May the spirit of Jesus Resurrected guide us in all the decisions that we are called to make.

Sincerely yours,
(Signature: Sister Jane McDonald)
Sister Jane McDonald

Back to the text of Paragraph 15 of the Affidavit sworn by Vicki Harrison Frankel on April 27, 2005.

Affidavit of Vicki Harrison Frankel, Exhibit C

This is a text transcription of a letter from Sister Jane to the Archbishop of Winnipeg referring to a letter of Indult which she had just received at the time. She sent him a copy of the letter she sent to Sister Liette Finnery on April 4, 2002 (see Exhibit B, above).

Sister Jane McDonald
676 Main Street
Winnipeg, Manitoba
R3B 1E4

[April 4, 2002]

Dear Archbishop Weisgerber,

On Tuesday April 2nd, my lawyer filed a notice of application in the Court of Queen’s Bench in Winnipeg. A hearing date has been set for June 11, 2002. The four parties named are Jeanne Wilfort, Maisons de Croissance Inc., Les Soeurs de Sainte-Croix, Province Sainte-Therese (Western Region) and Sisters of Holy Cross, Central Administration.
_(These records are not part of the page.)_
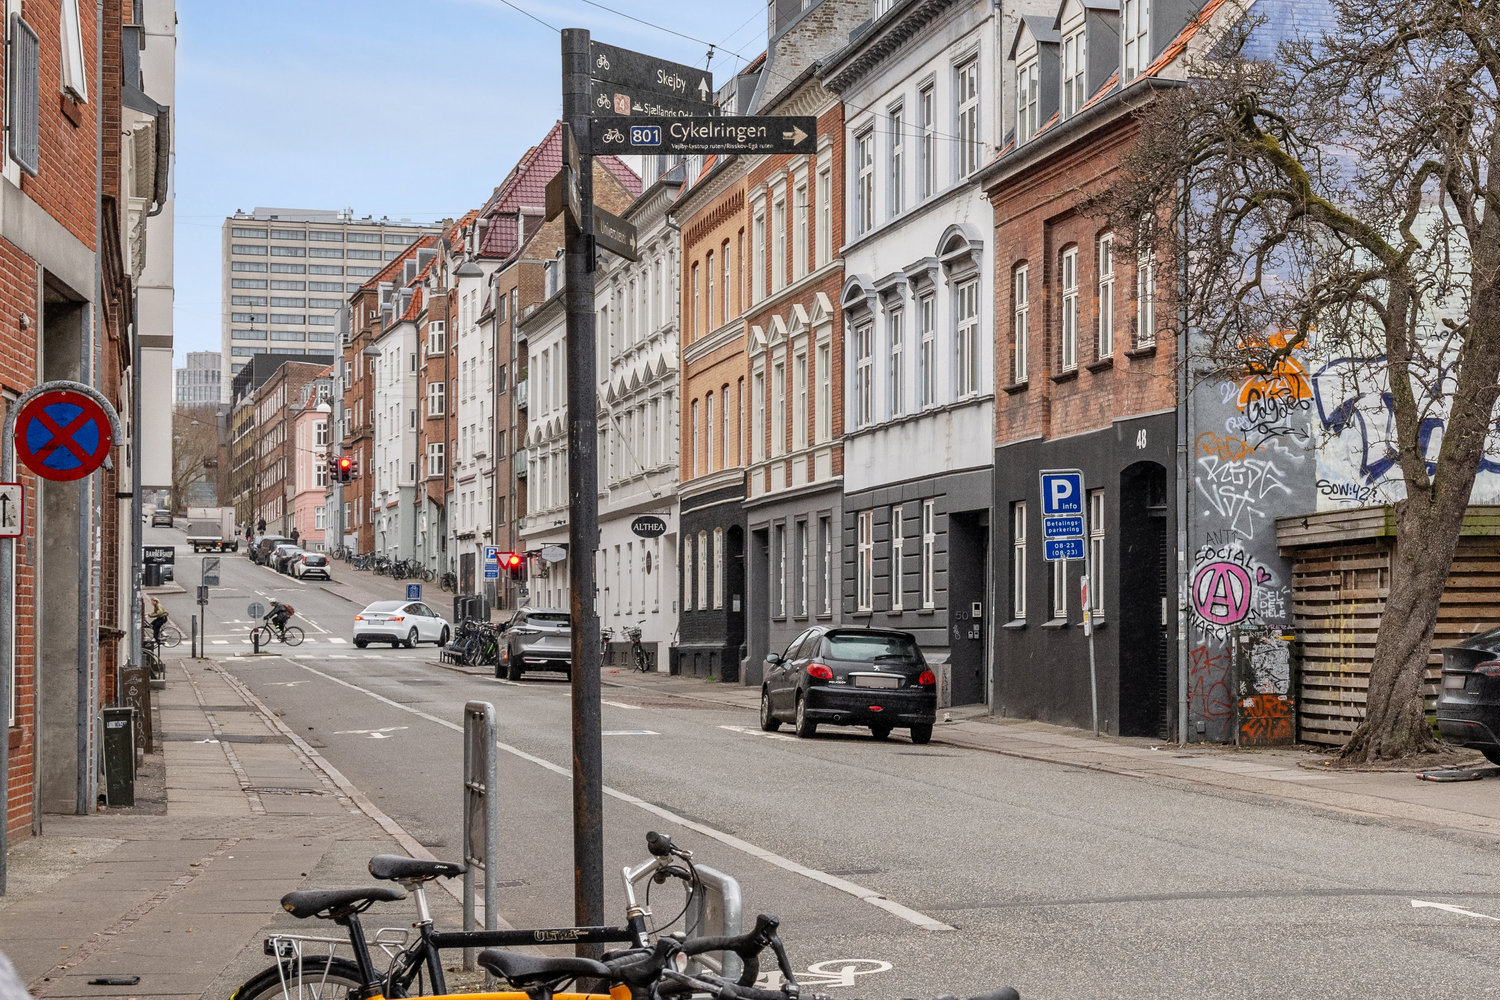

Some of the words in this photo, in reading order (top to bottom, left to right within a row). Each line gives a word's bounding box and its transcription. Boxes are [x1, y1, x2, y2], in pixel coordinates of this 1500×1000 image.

[656, 69, 687, 93] Skejby
[617, 96, 626, 111] 4
[644, 103, 677, 117] Sjællands
[678, 109, 694, 117] Odd
[633, 129, 661, 144] 801
[669, 122, 767, 143] Cykelringen
[1136, 429, 1147, 449] 48
[1051, 479, 1073, 510] P
[1062, 502, 1078, 510] info
[633, 523, 664, 532] ALTHEA
[1046, 520, 1081, 528] Betalings-
[1194, 548, 1254, 571] SOCIAL
[1260, 601, 1284, 610] DET
[955, 610, 969, 621] 50
[1260, 609, 1286, 619] HELE
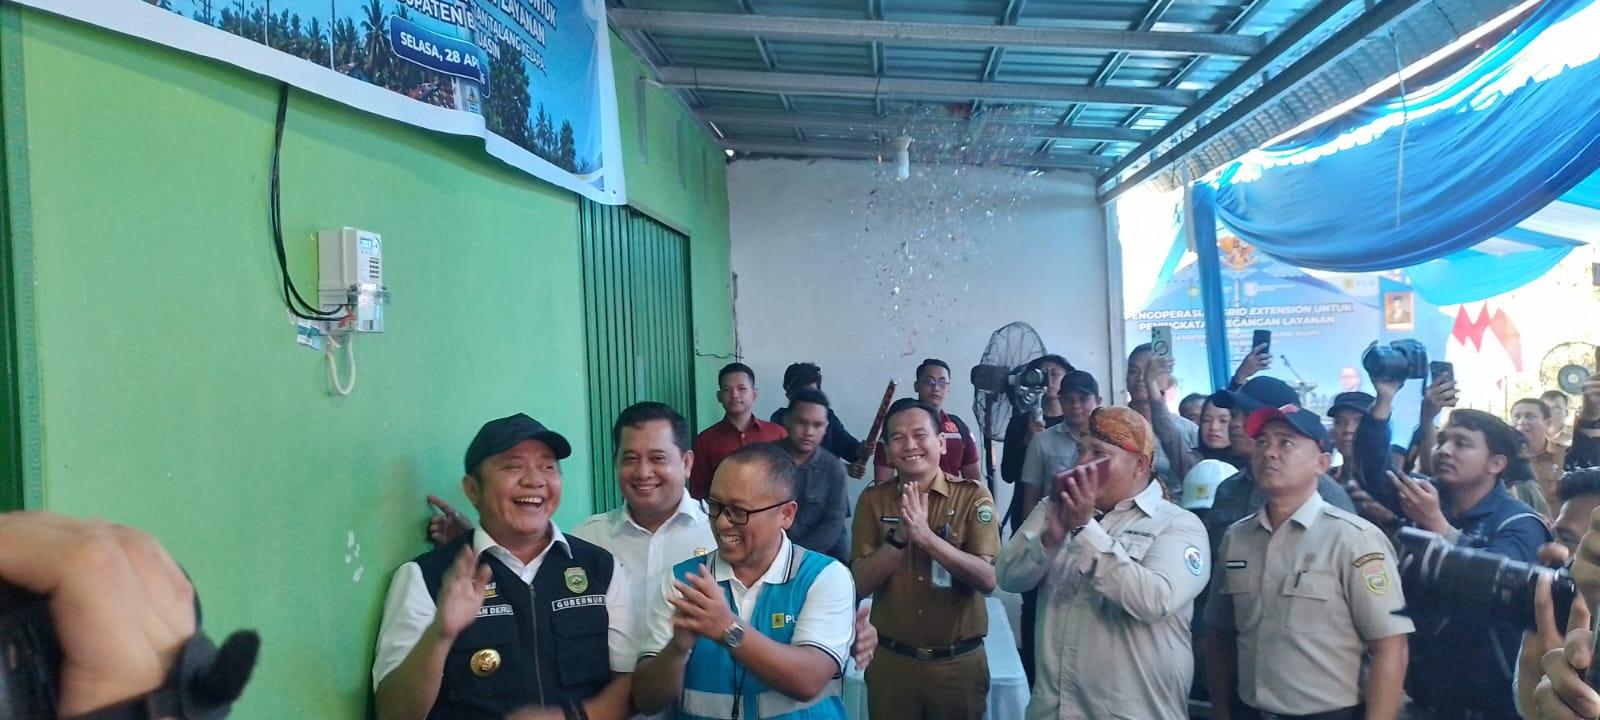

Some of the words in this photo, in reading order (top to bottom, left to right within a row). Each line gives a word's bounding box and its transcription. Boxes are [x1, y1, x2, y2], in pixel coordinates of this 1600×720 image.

[400, 31, 444, 62] SELASA,
[445, 49, 461, 64] 28
[1225, 317, 1280, 328] EGANGAN
[556, 596, 603, 608] GUBERNUR
I am sending you a copy of a letter I have written to Sister Liette Finnerty. This is a difficult moral position to be in. If I understand canon law correctly I am not able to seek compensation while still within the congregation. Yet I am unable to sign these documents unless the needs stated in my letter are met. I hope that all of this can come to a conclusion with respect, dignity and compassion.

Wishing the Peace and Joy of Jesus Resurrrected.

Sincerely yours,
(Signature: Jane McDonald)

Back to the text of Paragraph 15 of the Affidavit sworn by Vicki Harrison Frankel on April 27, 2005.
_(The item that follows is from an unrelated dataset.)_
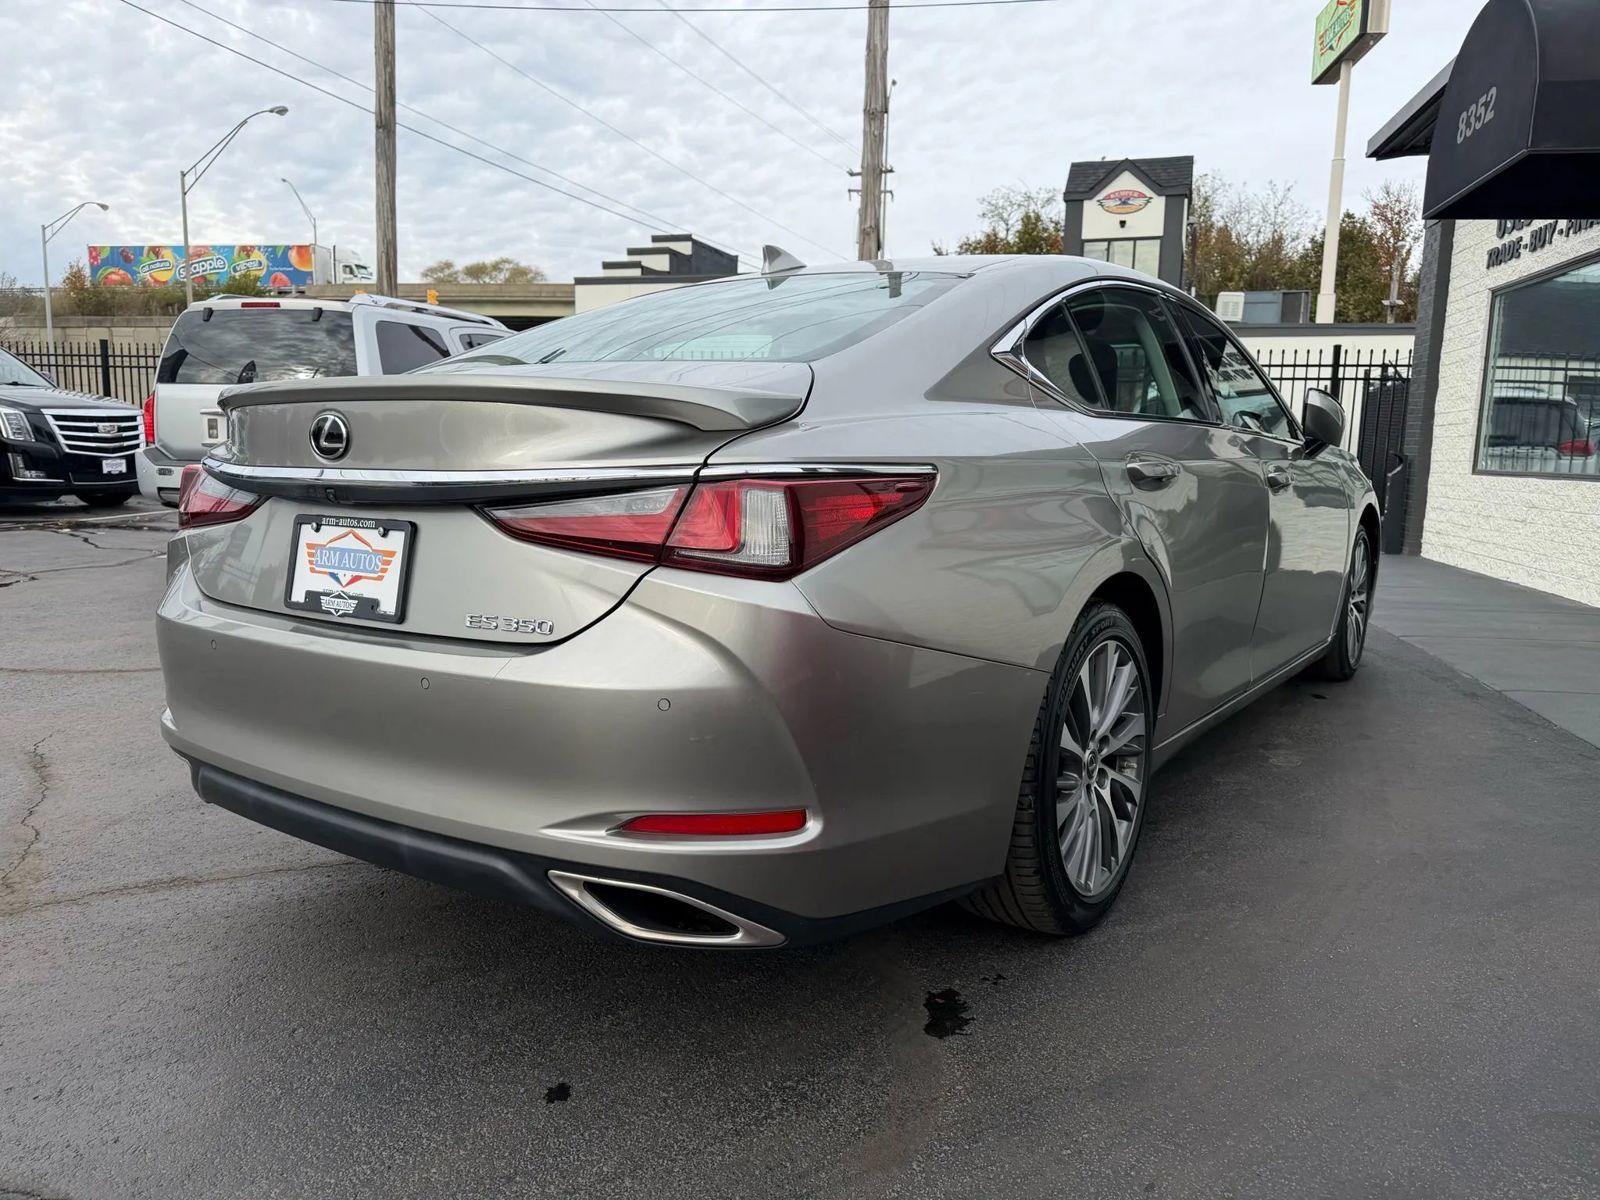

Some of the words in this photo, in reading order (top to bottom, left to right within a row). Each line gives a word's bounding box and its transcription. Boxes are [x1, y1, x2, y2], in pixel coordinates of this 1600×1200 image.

Affidavit of Vicki Harrison Frankel, Exhibit D

This is a text transcription of a letter from Sister Jane to the Archbishop of Winnipeg.

October 3, 2002

Dear Archbishop Weisgerber,

I have just finished a conversation with my lawyer and I realize that there are some points that I need to clarify with you.

The attorney for the congregation met with my attorney this morning and there seem to be some real points of misunderstanding and miscommunication. I would like to make it clear that I have never said to anyone that the congregation was unwilling to enter into a mediation process. What I did say was they proposed a process that did not seem fair and we asked that something else be negotiated on. From our first communications with them we stated we were interested in a mediation process. One that would be fair and just for all concerned. My lawyer has all the documentation concerning this. He would be the one to speak with to clarify issues on this matter.

From what was communicated to me today they seem to be firm in placing the problem on me. I would hope that Father [name] did finally call you to speak with you about another Sister that he knows about who had a similiar experience to mine. After the newspaper article I received a call from a married woman who I do not know, who informed me that she had a similiar experience with Jeanne in 1981. She has not given me permission to tell you her name. She is afraid of repercussions from her family. My therapist did speak with her this week and she is considering coming forward with her experience. My hope is that she will call you.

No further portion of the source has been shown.